* [What this task involves]: Starting with the line that mentions "this 1620×1080 image.", repeat each line verbatim until the entries end, both ends included.

* [Data records]:
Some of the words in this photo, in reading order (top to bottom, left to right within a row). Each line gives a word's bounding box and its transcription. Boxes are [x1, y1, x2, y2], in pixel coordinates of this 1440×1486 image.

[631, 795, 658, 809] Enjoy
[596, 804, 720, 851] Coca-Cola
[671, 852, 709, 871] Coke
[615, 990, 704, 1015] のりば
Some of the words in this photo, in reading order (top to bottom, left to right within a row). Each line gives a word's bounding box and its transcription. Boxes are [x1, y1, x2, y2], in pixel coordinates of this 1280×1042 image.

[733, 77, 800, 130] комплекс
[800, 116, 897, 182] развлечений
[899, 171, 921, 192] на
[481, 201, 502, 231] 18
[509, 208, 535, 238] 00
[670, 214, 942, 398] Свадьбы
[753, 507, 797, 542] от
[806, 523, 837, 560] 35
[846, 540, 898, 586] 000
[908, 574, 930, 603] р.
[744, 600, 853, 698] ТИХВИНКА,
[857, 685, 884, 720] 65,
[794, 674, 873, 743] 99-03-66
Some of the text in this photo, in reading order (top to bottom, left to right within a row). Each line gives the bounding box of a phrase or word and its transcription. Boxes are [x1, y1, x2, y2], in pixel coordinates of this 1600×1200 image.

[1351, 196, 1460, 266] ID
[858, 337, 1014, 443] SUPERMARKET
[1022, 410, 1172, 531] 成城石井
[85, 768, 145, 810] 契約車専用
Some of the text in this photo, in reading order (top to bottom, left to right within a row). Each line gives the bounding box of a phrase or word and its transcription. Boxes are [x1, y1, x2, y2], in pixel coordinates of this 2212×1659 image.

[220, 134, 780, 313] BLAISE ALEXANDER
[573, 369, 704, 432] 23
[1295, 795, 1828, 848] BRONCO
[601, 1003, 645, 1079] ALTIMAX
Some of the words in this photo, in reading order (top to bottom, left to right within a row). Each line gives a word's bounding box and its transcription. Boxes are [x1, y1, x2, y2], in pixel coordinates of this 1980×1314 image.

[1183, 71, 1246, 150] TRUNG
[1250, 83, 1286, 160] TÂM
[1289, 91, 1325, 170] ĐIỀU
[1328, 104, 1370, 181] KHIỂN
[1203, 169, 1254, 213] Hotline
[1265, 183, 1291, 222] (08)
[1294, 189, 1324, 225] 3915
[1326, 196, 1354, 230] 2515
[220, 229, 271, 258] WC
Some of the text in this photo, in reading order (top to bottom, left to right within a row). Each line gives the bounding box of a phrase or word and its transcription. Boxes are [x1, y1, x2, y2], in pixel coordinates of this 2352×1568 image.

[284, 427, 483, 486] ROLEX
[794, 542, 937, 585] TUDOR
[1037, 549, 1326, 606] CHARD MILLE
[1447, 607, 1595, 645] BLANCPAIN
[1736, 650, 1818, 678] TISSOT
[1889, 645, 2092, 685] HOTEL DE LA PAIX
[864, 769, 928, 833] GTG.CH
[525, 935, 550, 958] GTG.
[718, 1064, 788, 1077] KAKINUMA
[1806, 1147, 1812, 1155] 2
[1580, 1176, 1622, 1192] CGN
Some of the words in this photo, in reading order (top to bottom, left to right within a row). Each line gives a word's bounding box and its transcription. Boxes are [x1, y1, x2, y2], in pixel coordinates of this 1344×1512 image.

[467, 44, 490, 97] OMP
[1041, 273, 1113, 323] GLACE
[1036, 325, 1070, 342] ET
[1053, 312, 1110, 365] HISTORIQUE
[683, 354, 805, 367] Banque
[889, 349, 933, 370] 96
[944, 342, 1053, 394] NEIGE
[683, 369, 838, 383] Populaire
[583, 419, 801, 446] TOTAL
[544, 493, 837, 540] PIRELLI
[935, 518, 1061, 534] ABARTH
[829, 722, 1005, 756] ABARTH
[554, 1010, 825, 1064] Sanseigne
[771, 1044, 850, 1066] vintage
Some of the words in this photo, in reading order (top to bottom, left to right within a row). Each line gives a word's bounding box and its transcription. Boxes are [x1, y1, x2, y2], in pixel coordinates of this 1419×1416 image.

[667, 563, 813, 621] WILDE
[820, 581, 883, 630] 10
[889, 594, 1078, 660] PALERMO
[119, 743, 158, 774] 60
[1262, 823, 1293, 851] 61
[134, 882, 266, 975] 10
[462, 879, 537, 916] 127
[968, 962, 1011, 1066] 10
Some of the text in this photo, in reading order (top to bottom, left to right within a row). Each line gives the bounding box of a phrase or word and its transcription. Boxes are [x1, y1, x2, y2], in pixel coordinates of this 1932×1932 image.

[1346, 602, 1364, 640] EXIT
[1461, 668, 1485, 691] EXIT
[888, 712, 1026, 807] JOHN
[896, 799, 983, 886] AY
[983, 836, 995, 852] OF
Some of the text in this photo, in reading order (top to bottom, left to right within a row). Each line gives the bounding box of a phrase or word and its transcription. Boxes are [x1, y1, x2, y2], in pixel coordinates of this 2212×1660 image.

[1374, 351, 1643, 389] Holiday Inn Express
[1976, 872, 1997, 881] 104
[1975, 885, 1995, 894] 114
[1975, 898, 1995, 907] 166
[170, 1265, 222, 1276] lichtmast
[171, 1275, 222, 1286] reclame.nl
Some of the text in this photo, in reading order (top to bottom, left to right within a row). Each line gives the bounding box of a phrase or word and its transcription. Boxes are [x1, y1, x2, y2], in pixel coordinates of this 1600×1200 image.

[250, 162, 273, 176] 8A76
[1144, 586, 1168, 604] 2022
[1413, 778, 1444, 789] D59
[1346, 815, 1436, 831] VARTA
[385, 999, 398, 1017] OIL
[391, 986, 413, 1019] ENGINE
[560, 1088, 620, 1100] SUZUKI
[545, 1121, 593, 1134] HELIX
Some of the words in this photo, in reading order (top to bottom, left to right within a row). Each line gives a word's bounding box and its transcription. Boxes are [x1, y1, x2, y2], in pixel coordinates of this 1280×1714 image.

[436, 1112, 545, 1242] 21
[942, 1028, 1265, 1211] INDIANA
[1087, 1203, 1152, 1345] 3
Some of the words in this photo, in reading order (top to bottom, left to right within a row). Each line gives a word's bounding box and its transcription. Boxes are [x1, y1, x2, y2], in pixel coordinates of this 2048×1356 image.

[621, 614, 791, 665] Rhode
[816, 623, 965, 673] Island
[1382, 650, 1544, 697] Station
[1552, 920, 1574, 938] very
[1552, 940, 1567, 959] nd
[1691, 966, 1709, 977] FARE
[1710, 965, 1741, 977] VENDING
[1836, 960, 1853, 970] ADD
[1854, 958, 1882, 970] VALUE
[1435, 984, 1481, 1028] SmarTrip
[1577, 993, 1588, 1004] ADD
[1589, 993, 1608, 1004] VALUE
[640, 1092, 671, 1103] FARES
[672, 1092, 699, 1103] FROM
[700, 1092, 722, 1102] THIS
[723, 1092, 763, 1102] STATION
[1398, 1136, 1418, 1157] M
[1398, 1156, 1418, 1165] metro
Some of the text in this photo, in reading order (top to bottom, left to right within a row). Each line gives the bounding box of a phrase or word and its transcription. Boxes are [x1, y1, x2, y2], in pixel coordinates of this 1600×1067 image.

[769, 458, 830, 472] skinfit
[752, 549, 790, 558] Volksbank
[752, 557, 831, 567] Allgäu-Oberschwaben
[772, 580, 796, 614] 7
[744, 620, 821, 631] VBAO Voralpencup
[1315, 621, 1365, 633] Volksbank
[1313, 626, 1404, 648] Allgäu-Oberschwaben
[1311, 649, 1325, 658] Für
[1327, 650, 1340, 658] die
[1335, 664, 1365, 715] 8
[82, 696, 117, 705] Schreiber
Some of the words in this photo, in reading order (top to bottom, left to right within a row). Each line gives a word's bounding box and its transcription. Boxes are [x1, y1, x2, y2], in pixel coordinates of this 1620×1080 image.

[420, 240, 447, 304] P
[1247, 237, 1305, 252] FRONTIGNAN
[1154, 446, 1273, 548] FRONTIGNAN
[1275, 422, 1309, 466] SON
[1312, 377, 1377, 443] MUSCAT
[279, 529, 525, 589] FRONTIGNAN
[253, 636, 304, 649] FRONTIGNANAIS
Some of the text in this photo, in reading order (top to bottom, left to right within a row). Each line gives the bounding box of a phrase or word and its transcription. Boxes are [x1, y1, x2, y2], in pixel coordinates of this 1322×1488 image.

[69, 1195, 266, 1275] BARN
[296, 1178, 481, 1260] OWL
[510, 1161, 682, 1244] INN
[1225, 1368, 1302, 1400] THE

* [Response below]:
Some of the words in this photo, in reading order (top to bottom, left to right within a row). Each line gives a word's bounding box and its transcription. Boxes are [x1, y1, x2, y2], in pixel coordinates of this 1620×1080 image.

[420, 240, 447, 304] P
[1247, 237, 1305, 252] FRONTIGNAN
[1154, 446, 1273, 548] FRONTIGNAN
[1275, 422, 1309, 466] SON
[1312, 377, 1377, 443] MUSCAT
[279, 529, 525, 589] FRONTIGNAN
[253, 636, 304, 649] FRONTIGNANAIS
Some of the text in this photo, in reading order (top to bottom, left to right within a row). Each line gives the bounding box of a phrase or word and its transcription. Boxes are [x1, y1, x2, y2], in pixel coordinates of this 1322×1488 image.

[69, 1195, 266, 1275] BARN
[296, 1178, 481, 1260] OWL
[510, 1161, 682, 1244] INN
[1225, 1368, 1302, 1400] THE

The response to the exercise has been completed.